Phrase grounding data
★ ★ ★

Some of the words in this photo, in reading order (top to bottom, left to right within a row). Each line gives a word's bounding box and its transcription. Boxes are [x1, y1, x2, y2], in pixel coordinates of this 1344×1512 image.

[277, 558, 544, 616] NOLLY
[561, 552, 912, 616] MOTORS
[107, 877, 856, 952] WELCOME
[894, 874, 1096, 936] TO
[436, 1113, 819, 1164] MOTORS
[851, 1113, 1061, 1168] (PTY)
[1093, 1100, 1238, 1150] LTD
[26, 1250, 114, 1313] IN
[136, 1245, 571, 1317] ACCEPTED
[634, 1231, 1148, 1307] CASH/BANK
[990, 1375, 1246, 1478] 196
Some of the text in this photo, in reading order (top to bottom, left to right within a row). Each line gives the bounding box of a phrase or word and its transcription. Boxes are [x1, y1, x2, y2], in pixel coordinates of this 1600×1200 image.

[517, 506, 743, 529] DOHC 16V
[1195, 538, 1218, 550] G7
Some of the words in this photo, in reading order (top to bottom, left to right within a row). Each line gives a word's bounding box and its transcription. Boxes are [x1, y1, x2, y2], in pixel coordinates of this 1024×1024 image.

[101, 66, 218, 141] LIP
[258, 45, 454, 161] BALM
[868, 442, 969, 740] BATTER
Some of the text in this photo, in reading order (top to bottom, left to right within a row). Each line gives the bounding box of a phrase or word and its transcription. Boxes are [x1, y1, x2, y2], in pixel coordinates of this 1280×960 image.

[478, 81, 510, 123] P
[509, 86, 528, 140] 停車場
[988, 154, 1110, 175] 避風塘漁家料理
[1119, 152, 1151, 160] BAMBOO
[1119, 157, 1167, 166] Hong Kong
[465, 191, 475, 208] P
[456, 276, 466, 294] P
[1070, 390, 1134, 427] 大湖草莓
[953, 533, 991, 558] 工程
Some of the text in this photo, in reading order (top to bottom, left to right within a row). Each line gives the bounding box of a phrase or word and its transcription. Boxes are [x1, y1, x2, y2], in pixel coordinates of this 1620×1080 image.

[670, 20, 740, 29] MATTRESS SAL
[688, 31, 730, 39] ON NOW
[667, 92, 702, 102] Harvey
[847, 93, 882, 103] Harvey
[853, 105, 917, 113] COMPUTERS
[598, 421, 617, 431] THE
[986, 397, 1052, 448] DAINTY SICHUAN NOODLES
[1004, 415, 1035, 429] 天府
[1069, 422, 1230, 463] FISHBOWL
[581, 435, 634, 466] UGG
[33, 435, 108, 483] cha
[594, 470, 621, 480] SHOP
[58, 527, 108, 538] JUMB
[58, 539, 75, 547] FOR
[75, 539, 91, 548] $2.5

★ ★ ★

The lines above should be duplicated exactly.

§ EXPECTED ANSWER
Some of the words in this photo, in reading order (top to bottom, left to right within a row). Each line gives a word's bounding box and its transcription. Boxes are [x1, y1, x2, y2], in pixel coordinates of this 1344×1512 image.

[277, 558, 544, 616] NOLLY
[561, 552, 912, 616] MOTORS
[107, 877, 856, 952] WELCOME
[894, 874, 1096, 936] TO
[436, 1113, 819, 1164] MOTORS
[851, 1113, 1061, 1168] (PTY)
[1093, 1100, 1238, 1150] LTD
[26, 1250, 114, 1313] IN
[136, 1245, 571, 1317] ACCEPTED
[634, 1231, 1148, 1307] CASH/BANK
[990, 1375, 1246, 1478] 196
Some of the text in this photo, in reading order (top to bottom, left to right within a row). Each line gives the bounding box of a phrase or word and its transcription. Boxes are [x1, y1, x2, y2], in pixel coordinates of this 1600×1200 image.

[517, 506, 743, 529] DOHC 16V
[1195, 538, 1218, 550] G7
Some of the words in this photo, in reading order (top to bottom, left to right within a row). Each line gives a word's bounding box and its transcription. Boxes are [x1, y1, x2, y2], in pixel coordinates of this 1024×1024 image.

[101, 66, 218, 141] LIP
[258, 45, 454, 161] BALM
[868, 442, 969, 740] BATTER
Some of the text in this photo, in reading order (top to bottom, left to right within a row). Each line gives the bounding box of a phrase or word and its transcription. Boxes are [x1, y1, x2, y2], in pixel coordinates of this 1280×960 image.

[478, 81, 510, 123] P
[509, 86, 528, 140] 停車場
[988, 154, 1110, 175] 避風塘漁家料理
[1119, 152, 1151, 160] BAMBOO
[1119, 157, 1167, 166] Hong Kong
[465, 191, 475, 208] P
[456, 276, 466, 294] P
[1070, 390, 1134, 427] 大湖草莓
[953, 533, 991, 558] 工程
Some of the text in this photo, in reading order (top to bottom, left to right within a row). Each line gives the bounding box of a phrase or word and its transcription. Boxes are [x1, y1, x2, y2], in pixel coordinates of this 1620×1080 image.

[670, 20, 740, 29] MATTRESS SAL
[688, 31, 730, 39] ON NOW
[667, 92, 702, 102] Harvey
[847, 93, 882, 103] Harvey
[853, 105, 917, 113] COMPUTERS
[598, 421, 617, 431] THE
[986, 397, 1052, 448] DAINTY SICHUAN NOODLES
[1004, 415, 1035, 429] 天府
[1069, 422, 1230, 463] FISHBOWL
[581, 435, 634, 466] UGG
[33, 435, 108, 483] cha
[594, 470, 621, 480] SHOP
[58, 527, 108, 538] JUMB
[58, 539, 75, 547] FOR
[75, 539, 91, 548] $2.5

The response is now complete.